I did not say anyone was disagreeing with it. I was clarifying the confusing way I had written my earlier post.
Where did the bullet come in?

 

[jbriggs444]

I did not say anyone was disagreeing with it. I was clarifying the confusing way I had written my earlier post.
Where did the bullet come in?

You had surmised that it was impossible to measure a photon's energy and had proceeded to reason about objects on tables or in cars. The apparent thrust of this was that we cannot measure the kinetic energy of an object on a table or of a photon.

Yet we can measure a bullet's energy.

 

[Francis Ward]

I was not aware I had surmised as such and mentioned no tables. The apparent thrust was not that either. Probably best to quit now as the discussion is not a discussion and is fruitless

 

[Mister T]

they do not [...] experience time. Which is precisely what I stated in the first place. Elementary SR.

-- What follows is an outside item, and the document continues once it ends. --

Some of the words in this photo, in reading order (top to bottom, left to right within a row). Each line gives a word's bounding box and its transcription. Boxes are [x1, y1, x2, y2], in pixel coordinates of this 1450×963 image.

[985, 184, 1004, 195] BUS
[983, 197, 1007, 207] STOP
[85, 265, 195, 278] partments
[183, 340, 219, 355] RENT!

You didn't say it precisely. To say that a massless particle doesn't experience time is not a precise way of expressing this idea.

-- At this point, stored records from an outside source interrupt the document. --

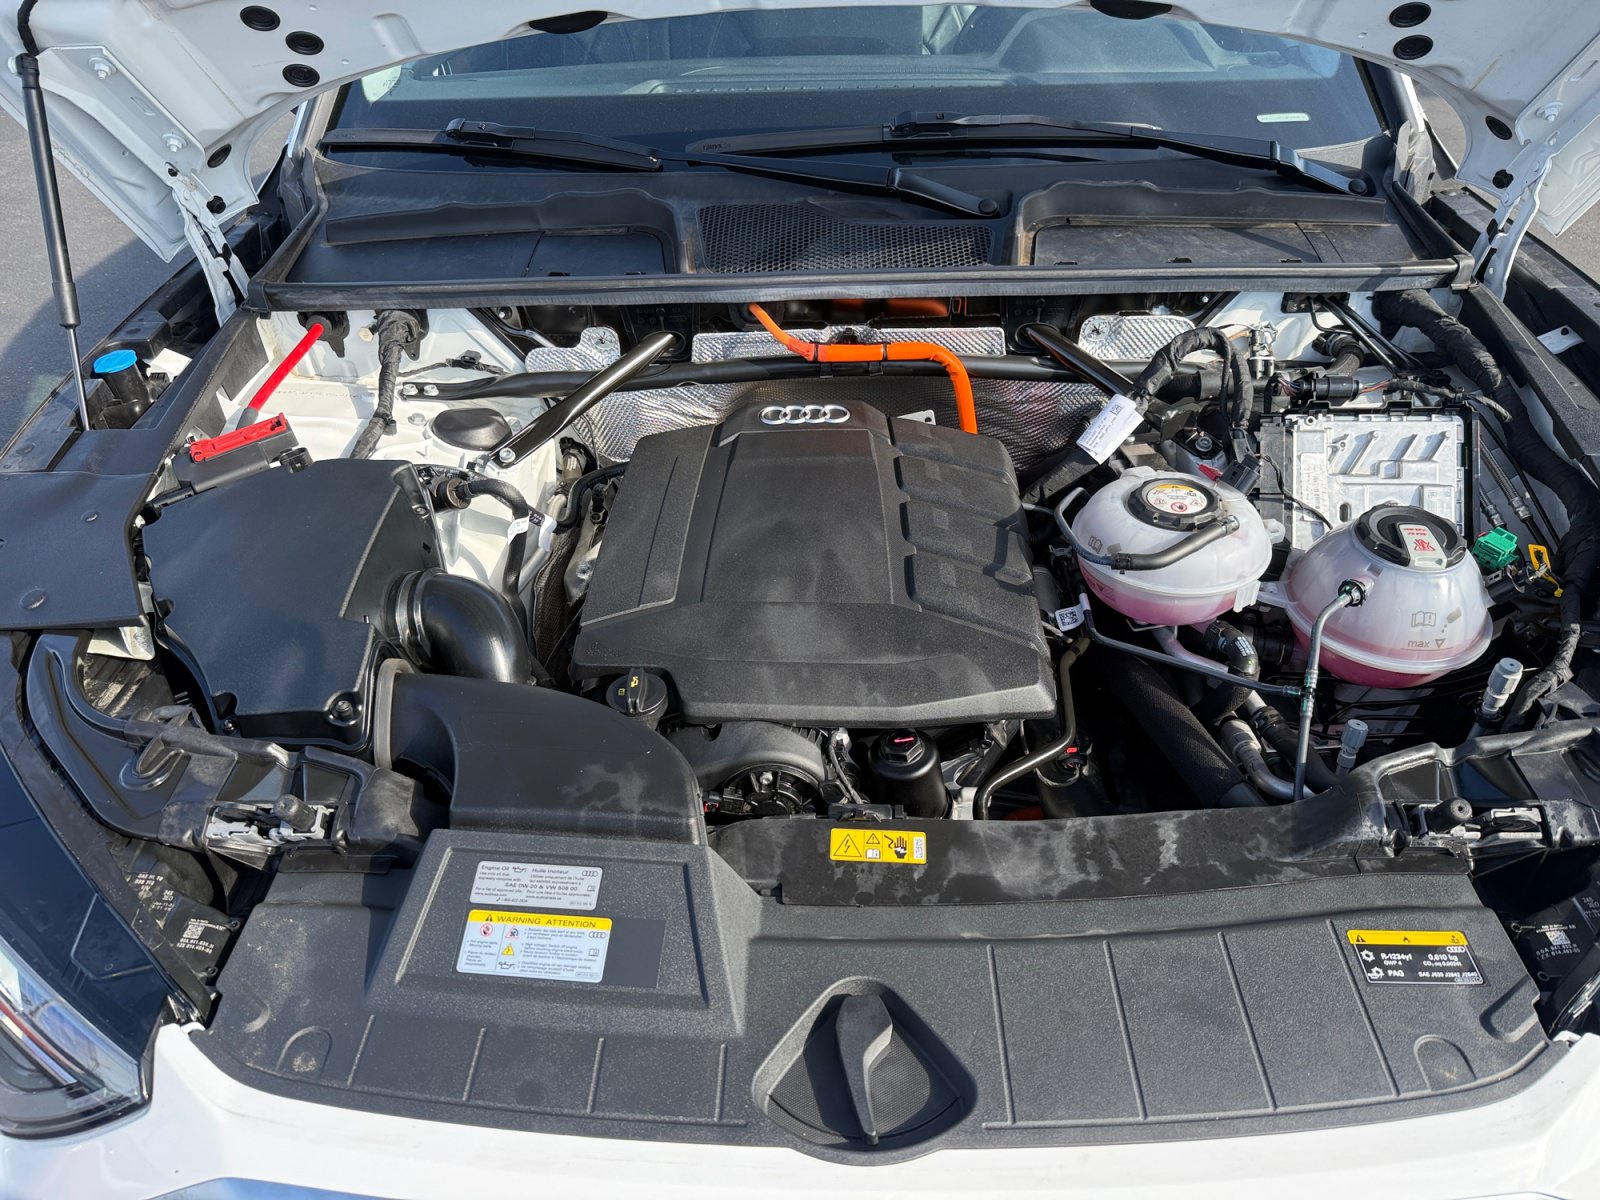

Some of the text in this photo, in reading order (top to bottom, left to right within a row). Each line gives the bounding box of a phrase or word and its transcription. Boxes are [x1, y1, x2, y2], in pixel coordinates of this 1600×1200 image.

[1407, 640, 1430, 648] max
[497, 915, 597, 928] WARNING ATTENTION
[1448, 953, 1459, 962] kg
[1387, 969, 1405, 977] PAG
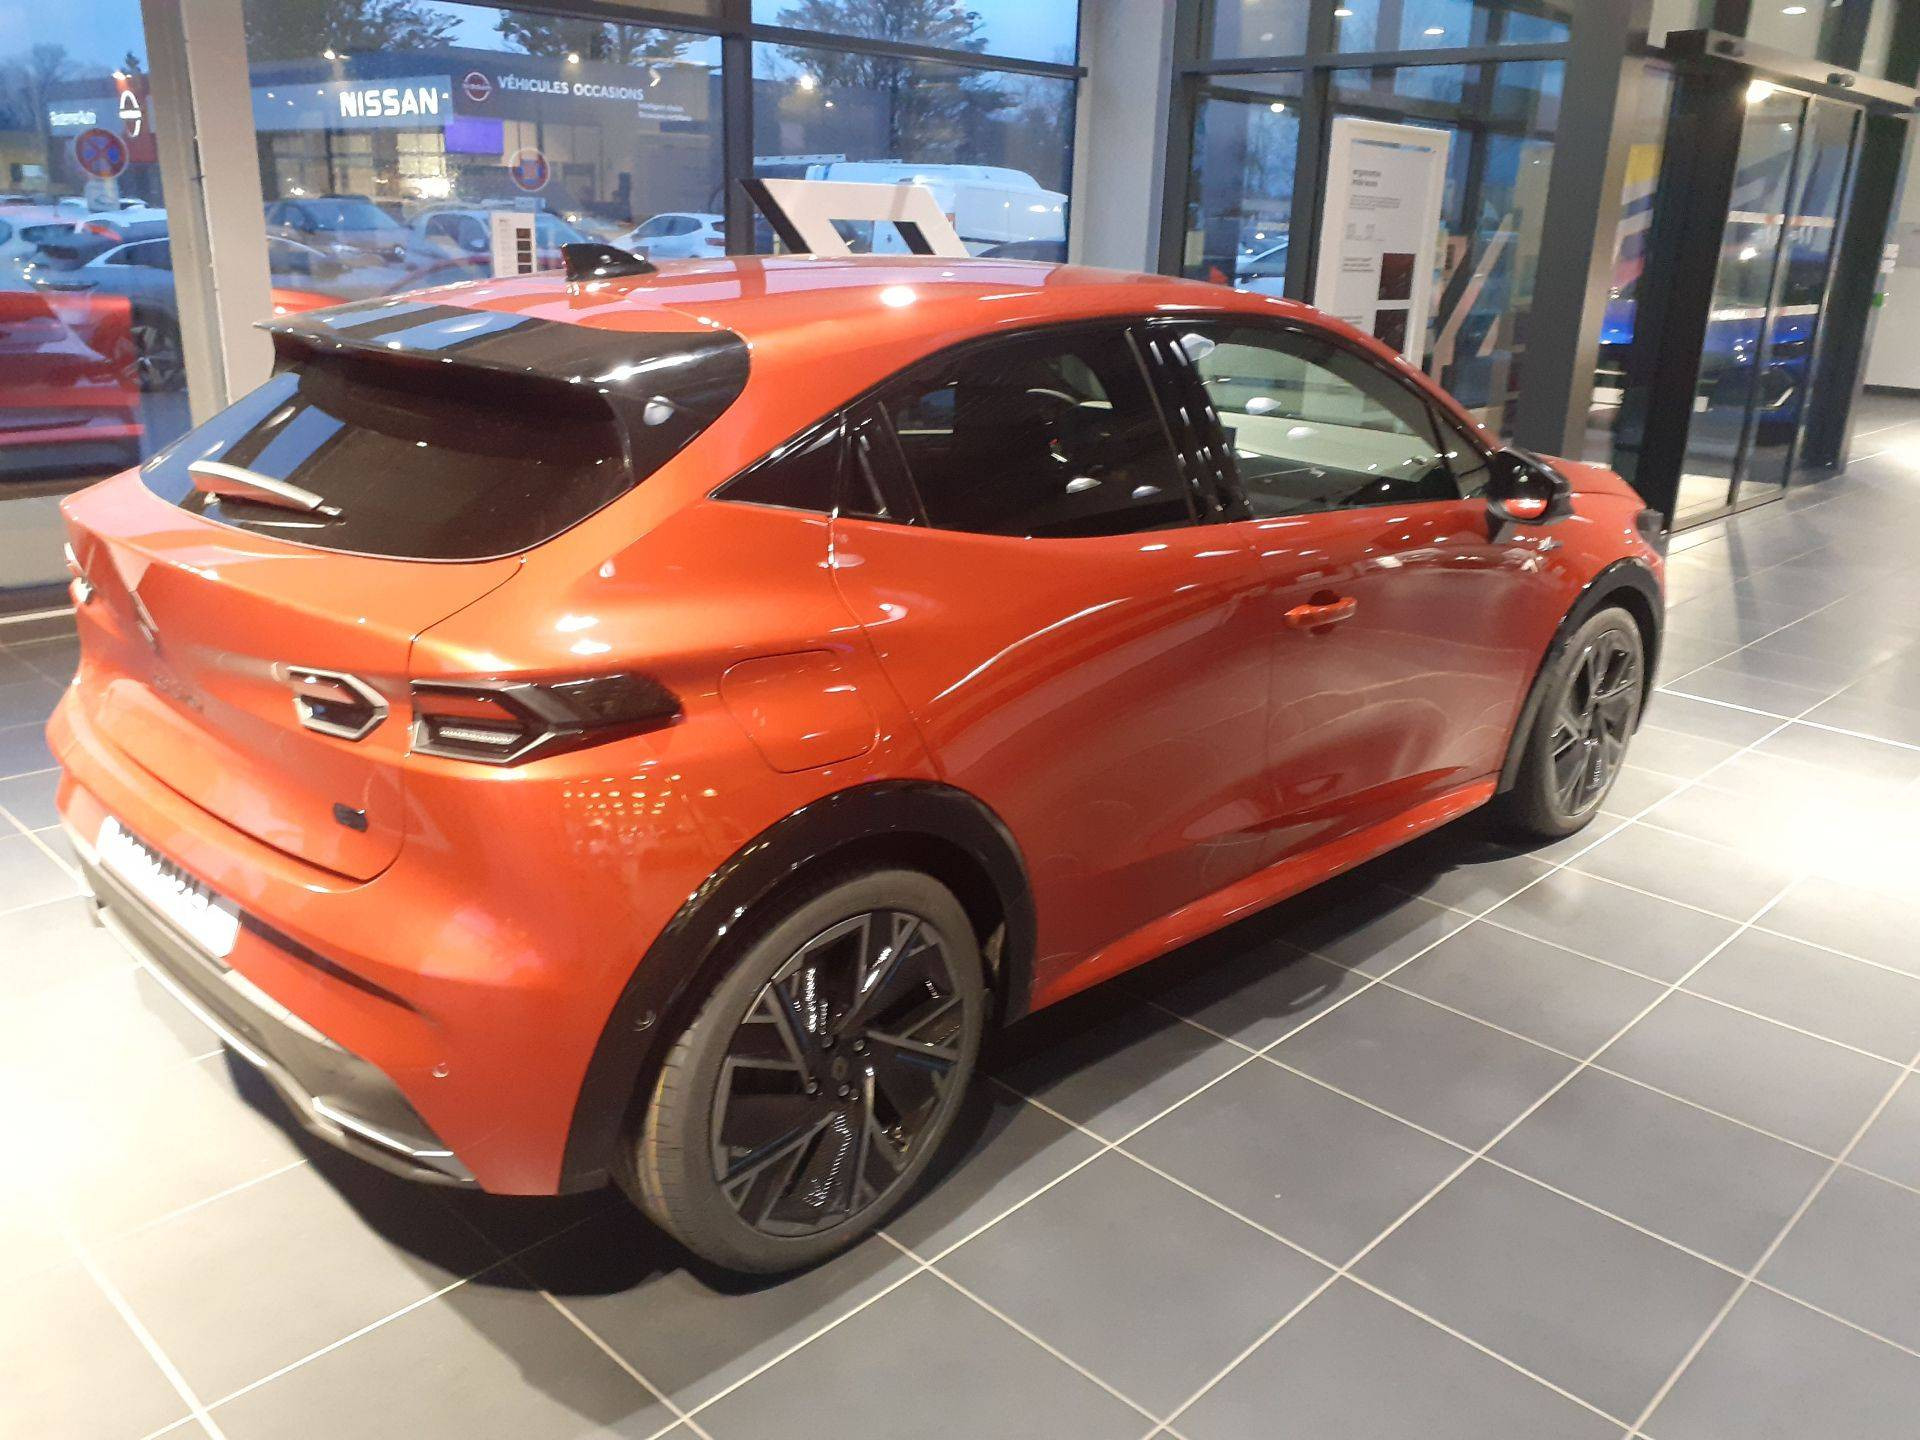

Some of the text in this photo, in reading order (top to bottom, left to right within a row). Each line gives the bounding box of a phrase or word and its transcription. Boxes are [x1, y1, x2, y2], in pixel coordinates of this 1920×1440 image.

[497, 74, 644, 101] VÉHICULES OCCASIONS
[339, 87, 438, 117] NISSAN

The passage of time is not defined because any two events for which a massless particle is present are separated by an interval of zero. That is, the separation is lightlike. Proper time is the interval length, but only for events that have a timelike separation. If the separation between two events is lightlike or spacelike there is no way of assigning a proper time elapsing between the events. The very concept of proper time doesn't exist, which is quite different from saying that the elapsed proper time has a value of zero. In the latter case the implication is that the concept exists, after all, you can't assign a value (of zero or anything else) to a quantity that is undefined.

 

[PeterDonis]

I also checked the definition of four momentum in Rindler, Essential Relatvity. This is also mixes momentum, mass and energy in its definition. I made some margin notes years ago when I first noticed the inconsistency. There is a simple test for consistency in physics, that of the units. For a four vector to have a modulus, which it must, all components have to have the same units. The forth term in the four momentum is mc, not m. This may be a simple matter of missing universal constants out of expressions, a habit that oft times creates problems.

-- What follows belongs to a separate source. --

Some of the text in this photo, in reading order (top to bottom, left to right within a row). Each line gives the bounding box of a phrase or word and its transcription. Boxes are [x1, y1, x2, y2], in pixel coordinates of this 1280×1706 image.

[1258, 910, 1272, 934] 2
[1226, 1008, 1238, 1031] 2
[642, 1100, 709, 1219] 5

No, it's a matter of understanding what the constant $c$ actually is in relativity. It's a unit conversion factor. You can use units where $c = 1$ and then the whole issue you describe goes away; all components of 4-momentum have units of mass. Or you can use momentum units, which means you assume a value fori $c$ that is not $1$ (such as the current SI unit value), and insert a factor of $c$ as appropriate in the components of 4-momentum; or you can use energy units, which means in some places you're inserting a factor of $c^2$ (and in others you're inserting a factor of $c$). None of which changes the physics in the least. And none of which changes the point that @Ibix was making, which he stated again in post #56, and which is perfectly valid.

 

[Orodruin]

There is a simple test for consistency in physics, that of the units. For a four vector to have a modulus, which it must, all components have to have the same units. The forth term in the four momentum is mc, not m. This may be a simple matter of missing universal constants out of expressions, a habit that oft times creates problems.

This would be true if you were using a system of units where length and time dimensions were different. Rindler is not doing this and it is a very common thing to do in relativity to use the same units for length and time by using units where, by definition $c = 1$, just as it is common in quantum physics to use units where $\hbar = 1$. The typical thing to do in high-energy physics is to use units where $\hbar = c = 1$ and measure lengths and times in inverse units of energy. Understanding the system of units used is as fundamental as dimensional analysis.

In relativity, it is natural to use the same units for time and length, after all the manifold is spacetime and using the same units for length and time just assures that all your coordinates have the same physical dimension. Note that all velocities are dimensionless in those units.

If you will, this is equivalent to considering the spatial coordinates to be $x/c$ rather than $x$ (or the time coordinate to be $x^0 = ct$ rather than $t$).